Monday, February 8, 2010

Hiding out in the Governor’s Mansion

There’s something odd going on in Richmond.

It’s a budget year and there’s a process the state normally goes through to reach a balanced budget.

In a gubernatorial election year that process starts with a proposal by the outgoing governor.

Gov. Tim Kaine did his part, although nobody liked his contribution. He proposed a budget with more than $2 billion in cuts and more than $1 billion in tax increases to fill a hole in the next biennial budget that may be as big as $4.4 billion.

With Republican in firm control in the House and “No Tax Increases” Bob McDonnell newly installed in the Governor’s Mansion, the tax hike was quickly disposed of.

But that’s where the process has broken down. Because the next step in the process should be budget amendments submitted by the new governor to change the old governor’s budget.

While McDonnell has submitted a few amendments to balance new spending programs he’s proposed – largely economic development measures – he has not addressed the large cuts that need to be made to balance the budget. Even if McDonnell were to accept all of Kaine’s cuts – and the new governor has said he disagrees with some, including cuts in public safety, higher education and state employee retirement contributions – he needs to make nearly $2 billion in cuts. If he restores any of Kaine’s cuts, he’ll need to make even deeper cuts.

But the governor has not submitted any budget amendments to propose those cuts.

And recent comments by his press secretary suggest that he may not.


This governor may not propose “formal budget amendments” but may continue to have “quiet conversations” with legislators about the budget.

Hmmm, that’s a different process.

Virginia Republicans are famous for their lack of respect for process and their focus on outcomes. Often they seem to decide what result they would like and to design a process to get there. For instance, shortly after gaining control in the House, Republicans instituted a system where subcommittee, previously advisory in nature, could actually kill bills. That meant that three members of the legislature could seal a bill’s fate. Until public complaints forced them to change the policy, they did it without recorded votes. That allowed the GOP majority to kill bills they didn’t like without having to be accountable to the public. A former GOP speaker of the house once changed the composition of a committee t0 minutes before it was scheduled to meet in order to change the vote on a single bill. Our last Republican governor, Jim Gilmore, cooked the state’s books to get around a process – put in place largely by Senate Republicans – that would have stopped the implementation of the next phase of his car tax “cut.”

McDonnell seems to be changing the state budget process.
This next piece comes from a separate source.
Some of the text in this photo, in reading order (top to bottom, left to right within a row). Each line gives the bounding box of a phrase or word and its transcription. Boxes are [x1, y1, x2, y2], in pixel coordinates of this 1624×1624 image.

To what end?

Well, he may hope that he can get to a balanced budget without having his fingerprints on the sure-to-be-controversial cuts in public education, health care funding and other state services that will be necessary, given his party’s hostility to the idea of increasing state revenues.
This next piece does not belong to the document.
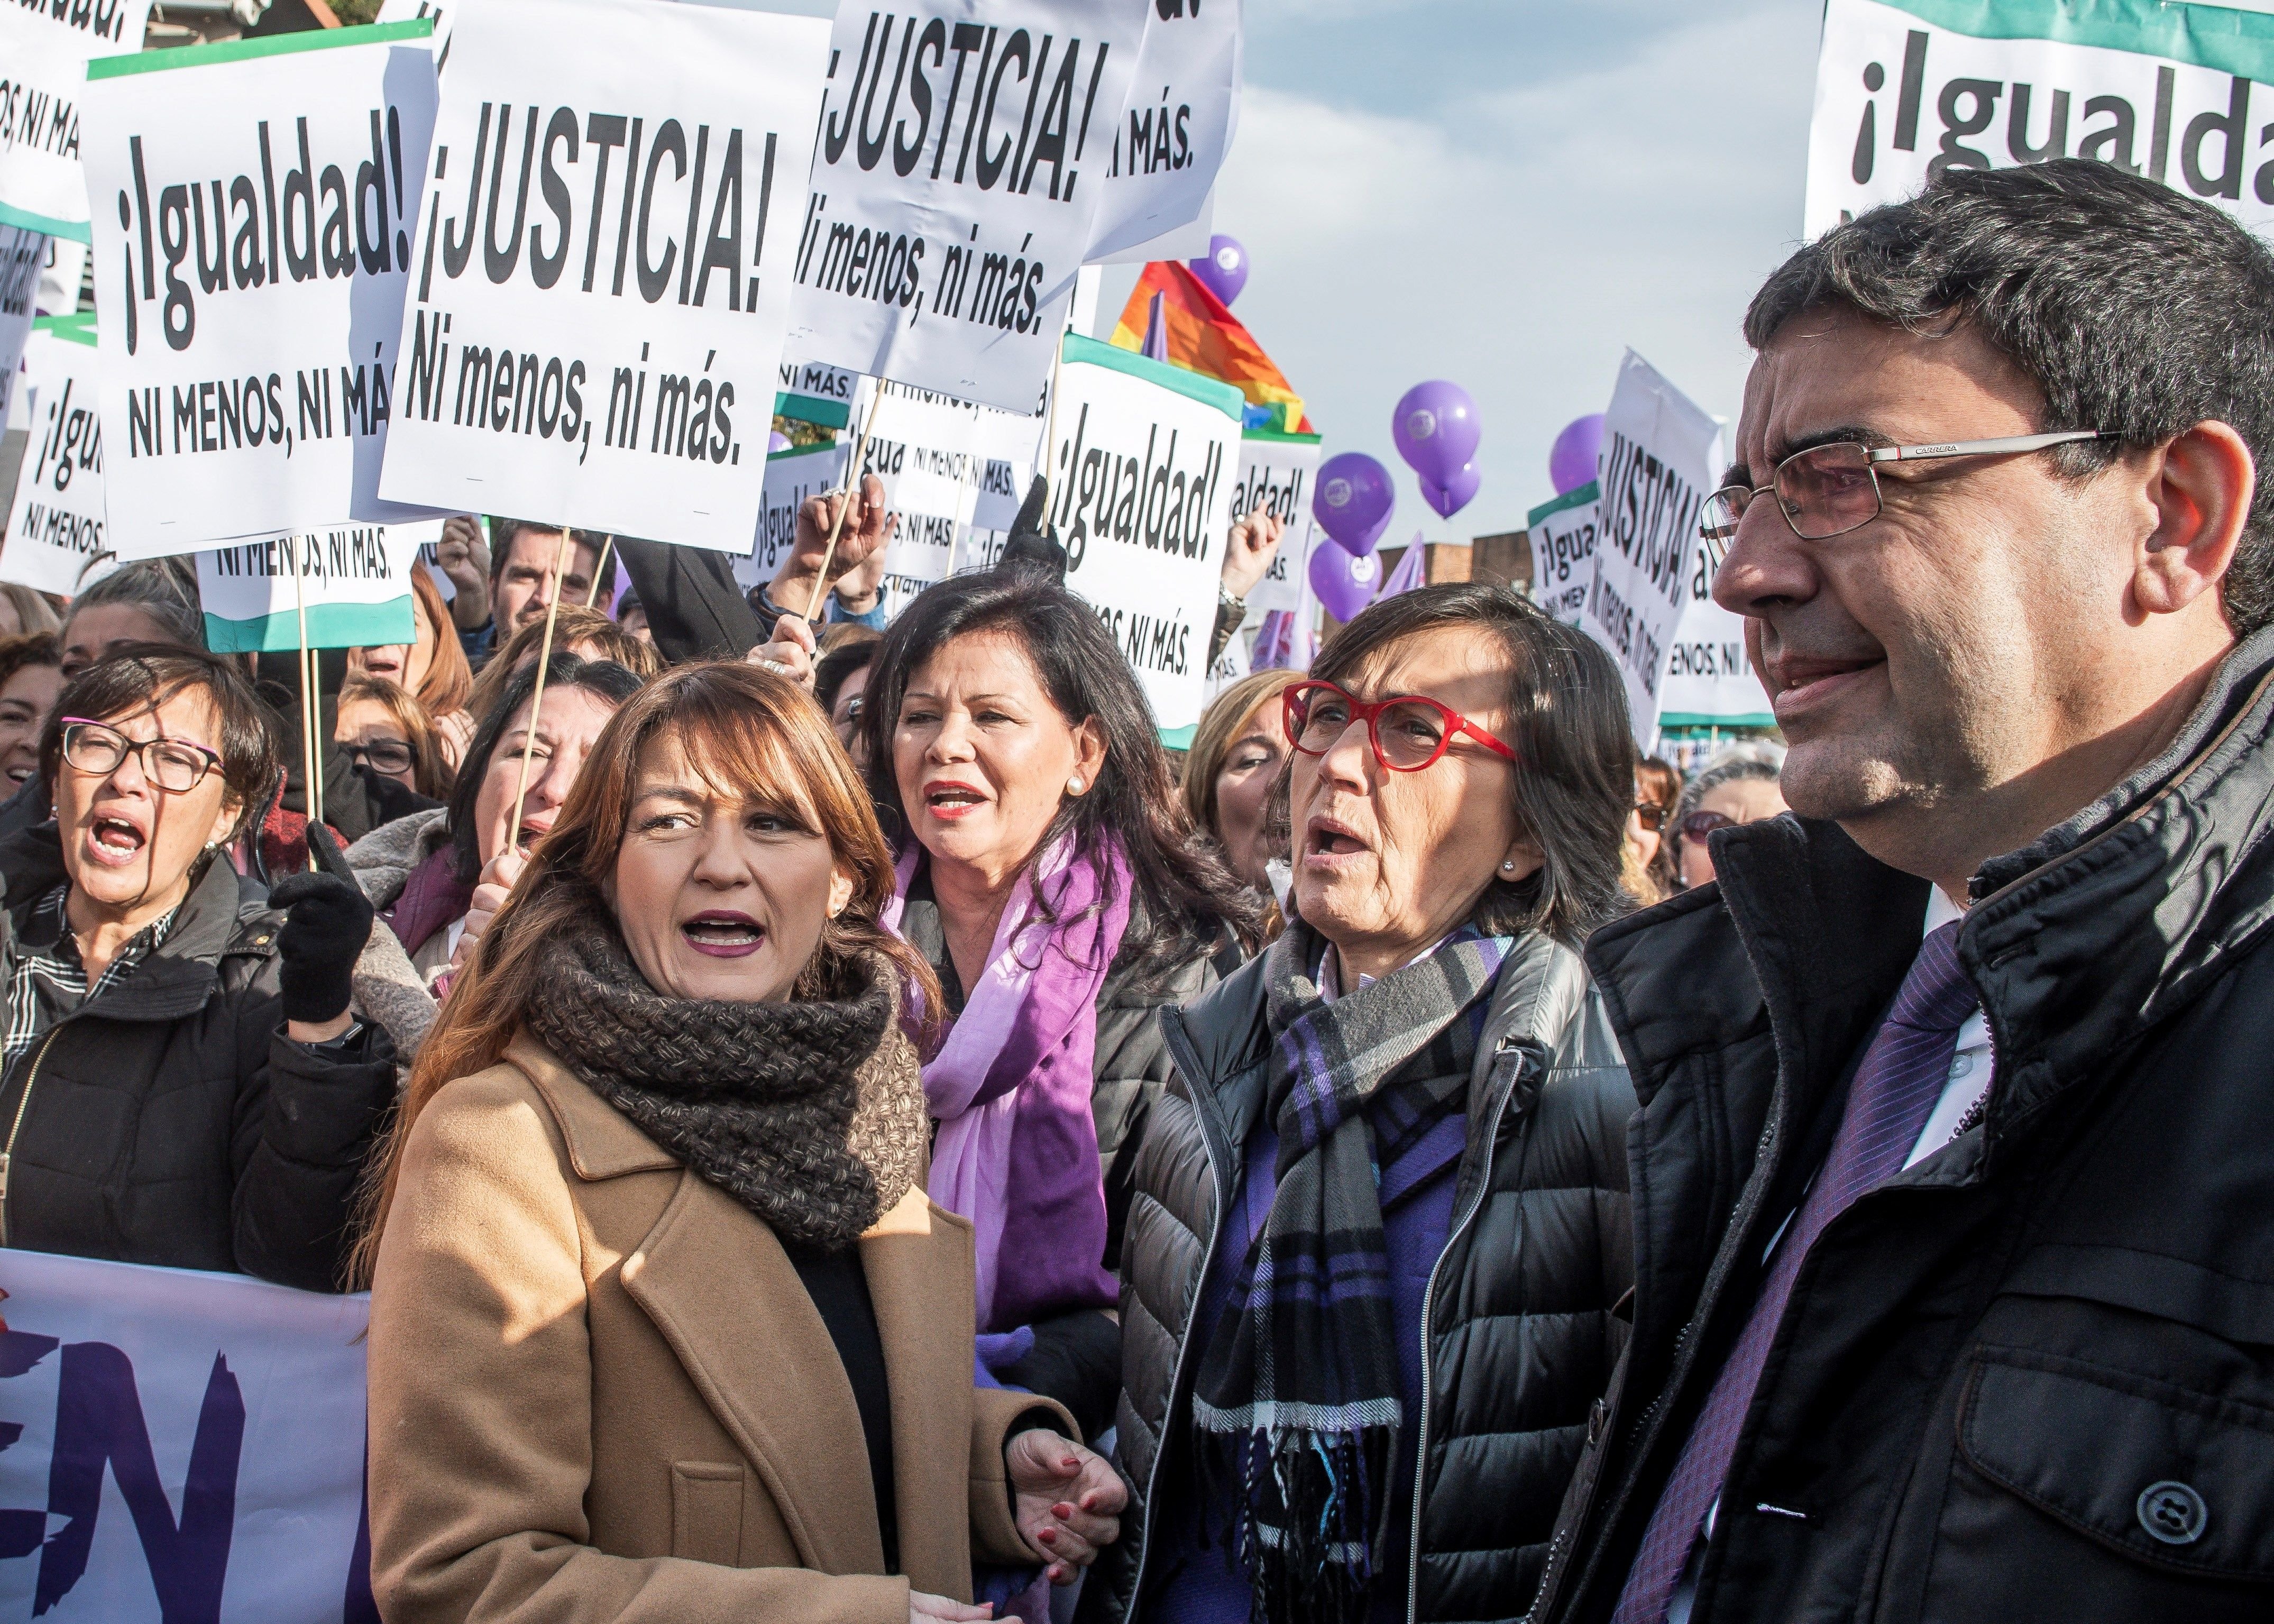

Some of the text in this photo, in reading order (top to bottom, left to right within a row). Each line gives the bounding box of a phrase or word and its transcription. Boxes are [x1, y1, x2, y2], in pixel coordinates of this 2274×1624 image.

He may realize that the number of state and local government employees whose jobs will be lost to those cuts will make his “Bob for Jobs” campaign slogan look like a bad joke.

If he hopes to take a “hands-off” approach to the budget and hide in the Governor’s Mansion while his allies in the legislature do the heavy lifting, he may find there are problems with that strategy.

First, it hangs Republican legislators out to dry. They would be the ones responsible for the cuts and the ones to pay the political price if voters are angered, as some no doubt will be. Although there are some freshman members of the House who rode McDonnell’s electoral coat tails to victory and may feel they owe him, neither senior House members nor the entire Democrat-controlled Senate owe McDonnell a thing. It’s hard to believe they’ll take the fall for his political benefit.

And, because of the power vested in Virginia’s governors, it would be very hard for McDonnell to wash his hands of the budget, blaming his predecessor and the legislature.

McDonnell not only has the line-item veto, which allows the governor remarkable control of the budget since it requires a supermajority to override, but he has the ability to propose amendments to the completed budget that the legislature is bound by law to vote on.

That gives the governor a great deal of power to shape a budget, even one initially proposed by his predecessor. The governor is at least an equal partner with the General Assembly in the budget process.

Ultimately, he has the choice to sign or to veto the budget. If he signs it, he’s responsible for it. He owns it. If he vetoes it, he creates a constitutional crisis that still must end, eventually, in a signed budget.

So, like it or not, this is McDonnell’s budget.

As the General Assembly goes into its fourth week, he and his administration had best roll up their sleeves and get to work to make it one His Excellency can live with.